The latest revelation by Stanford researchers reveals that teenagers actually pay attention to what they are told by their parents about health-conscious eating habits. By enforcing health-based food rules at home, the researchers say that the children are more likely to embrace the traditions when they are on their own.

Importantly, the latest revelation will be of great benefit for parents who want their kids to eat more vegetables

Jennifer Wang and Priya Fielding-Singh, Stanford doctoral candidates published in May 14 on the Journal of Adolescent Health that is important for parents to understand the impact of having healthy food rules around the home and just how those rules can promote healthy eating.
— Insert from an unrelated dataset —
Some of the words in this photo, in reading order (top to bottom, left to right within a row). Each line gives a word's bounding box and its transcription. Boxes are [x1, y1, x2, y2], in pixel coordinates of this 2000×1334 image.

The pair of researchers found that rules centered around health are most effective because they emphasize the importance of considering the healthiness of specific foods, thus helping teens taking more informed decisions when picking out their meals.
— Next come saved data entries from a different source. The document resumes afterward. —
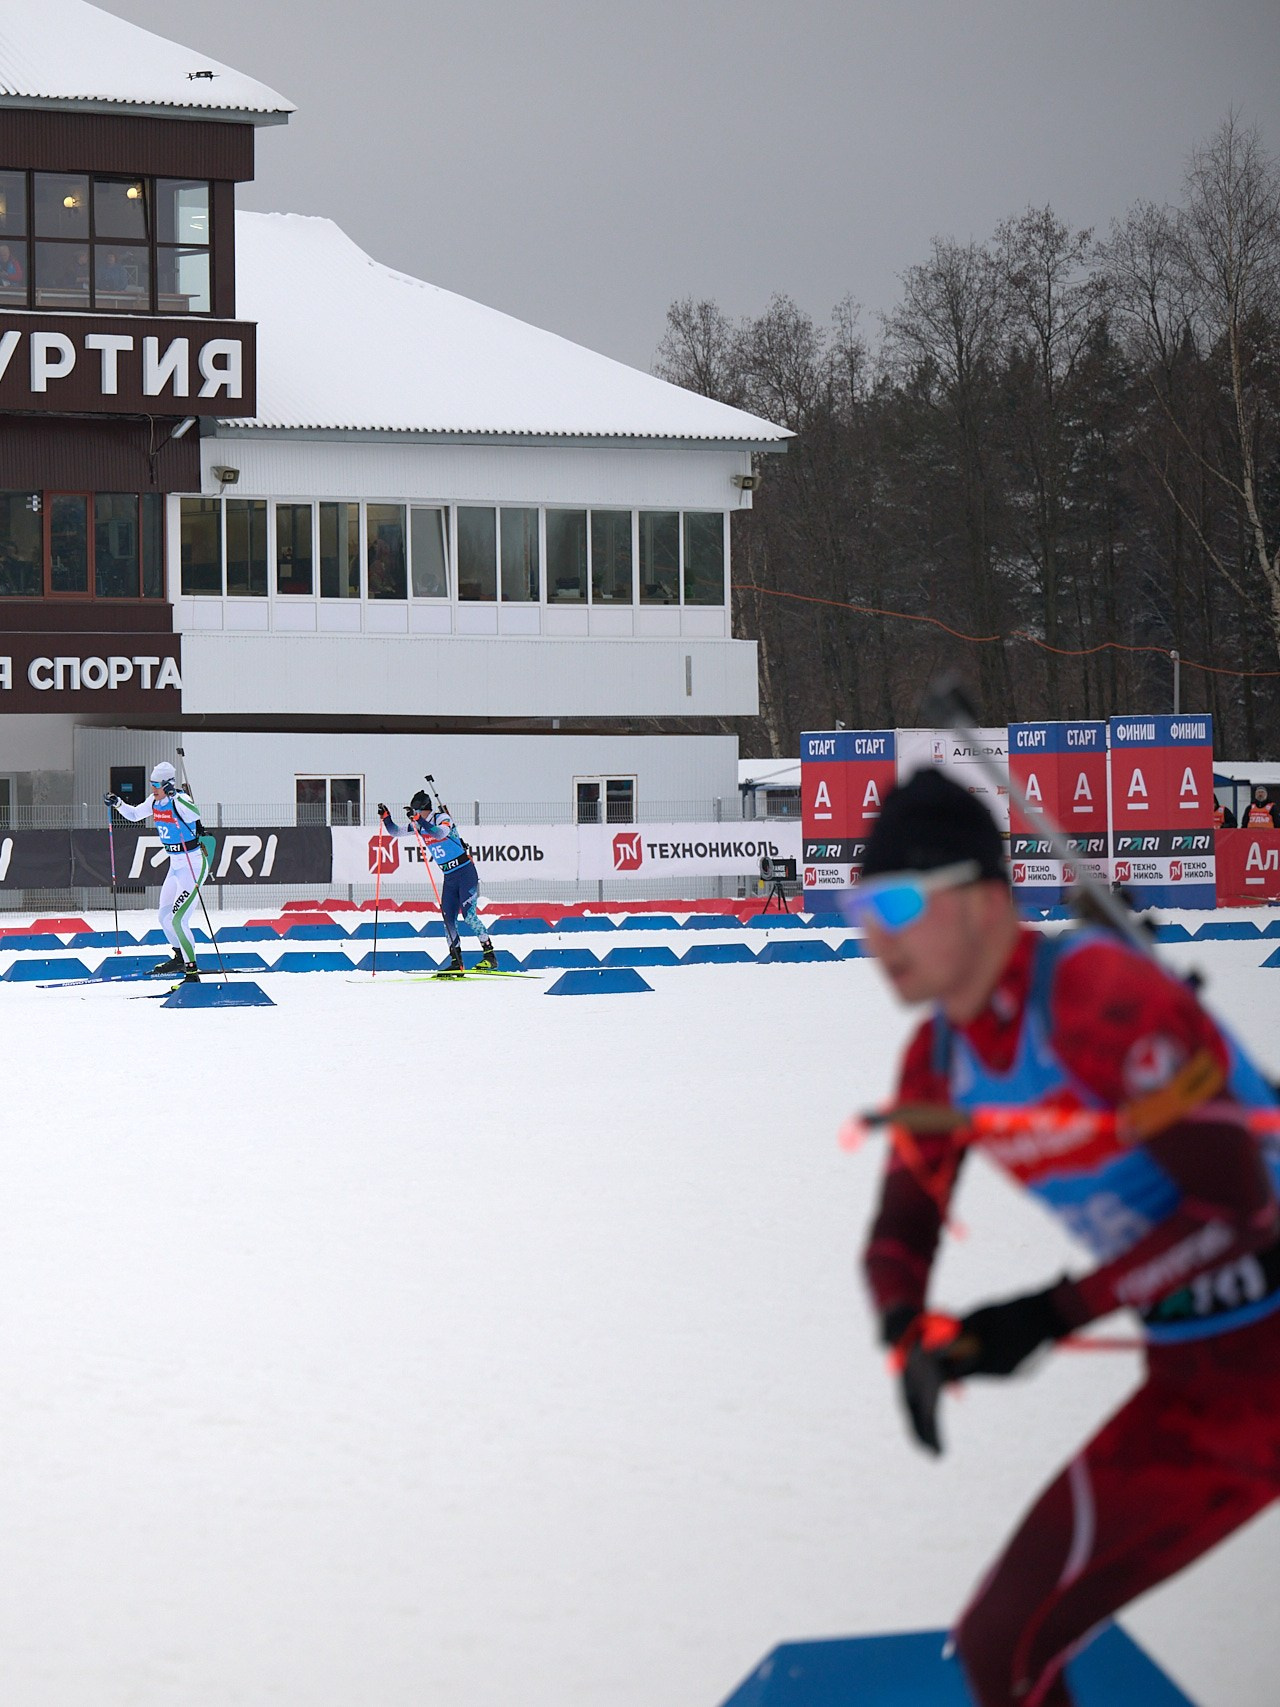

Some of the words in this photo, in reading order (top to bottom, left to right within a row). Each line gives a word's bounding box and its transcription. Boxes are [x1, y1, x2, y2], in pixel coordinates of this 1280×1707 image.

[26, 657, 182, 691] СПОРТА
[1067, 729, 1097, 746] СТАРТ
[1117, 723, 1156, 741] ФИНИШ
[1171, 722, 1206, 740] ФИНИШ
[855, 738, 885, 754] СТАРТ
[1017, 731, 1047, 747] СТАРТ
[809, 740, 835, 755] СТАРТ
[157, 825, 171, 839] 52
[646, 841, 779, 859] ТЕХНОНИКОЛЬ
[1015, 840, 1053, 853] PARI
[1117, 836, 1160, 851] PARI
[1172, 836, 1210, 850] PARI
[431, 845, 446, 859] 25
[806, 844, 842, 858] PARI
[1132, 863, 1157, 871] ТЕХНО
[1183, 862, 1207, 870] ТЕХНО
[818, 876, 845, 884] НИКОЛЬ
[1028, 873, 1057, 881] НИКОЛЬ
[1133, 872, 1164, 880] НИКОЛЬ
[1184, 870, 1214, 879] НИКОЛЬ
Notably, they recommended that parents should provide breaks where the whole family engages in junk food on a couple of special occasions. Other habits like banning the use of cellphones around the dinner table had no profound effect on how the teenagers made informed food choices.


In the study, the researchers surveyed a total of 1,246 adolescents in the diverse San Francisco Bay Area high school. Students were quizzed about a number of pertinent issues like their dietary beliefs and behaviors, including how they perceived their parental attitudes and how home practices influence their food choices.

Fielding-Singh noted that most adults are not cognizant of the fact that teenagers are fully aware of the healthiness of what they are consuming

Despite the relative success of the study, Wang and Fielding-Singh pressed on as they sought to find out how teens behave when they believe that their parents are not around to monitor what they do. Intentionally, they wanted to find out how teens land upon their food choices when they are going solo.

This led the two researchers to formulate a controlled experiment. In the experiment, the high schoolers were told that their participation in the study automatically qualified them to a raffle where they could win snacks of their choice for collection at their school offices the next week. Prior to the announcement, both students and teachers were unaware of any snack raffles on offer.

The researchers then implemented numerous conditions to try to manipulate whether teenagers believed their parents would approve of their snack choices. More specifically, in one of the settings, students were told that they required parental consent before they could collect their snacks. Elsewhere, students were told that they could have their pick of the snacks without needing to seek parental consent.


Students were presented with 10 snacks, 5 of which were healthy snacks and 5 which weren’t. The snacks included apple slices, oreo cookies, gummy worms, yogurt, Cheetos and hummus with pretzels. From the selection available, students were then asked to pick out which snacks they wanted to go with.

Their study showed that teenagers who had at least one food rule at home were more likely to feel good when they made health-oriented choices and feel bead when they made unhealthy choices

Consequently, Wang made the conclusion that by implementing some food rules, parents at home were helping shape teens behavior, even when they were not in the vicinity. The study provided extra data on Fielding-Singh and Wang’s earlier research that established that socioeconomic differences in the manner adolescents and mothers discuss food. Following the discrepancies, they wanted to establish whether parents had any influences on their adolescent teenagers’ food choices.

Just like in the previous research, the researchers established that some factors also affected the how efficient parents could communicate with their kids about making health-conscious eating decisions. Gender, age and parental education as factors led to the realization that females, those in higher grades and parents with higher levels of education were likely to influence the adherence to home rules about eating healthy.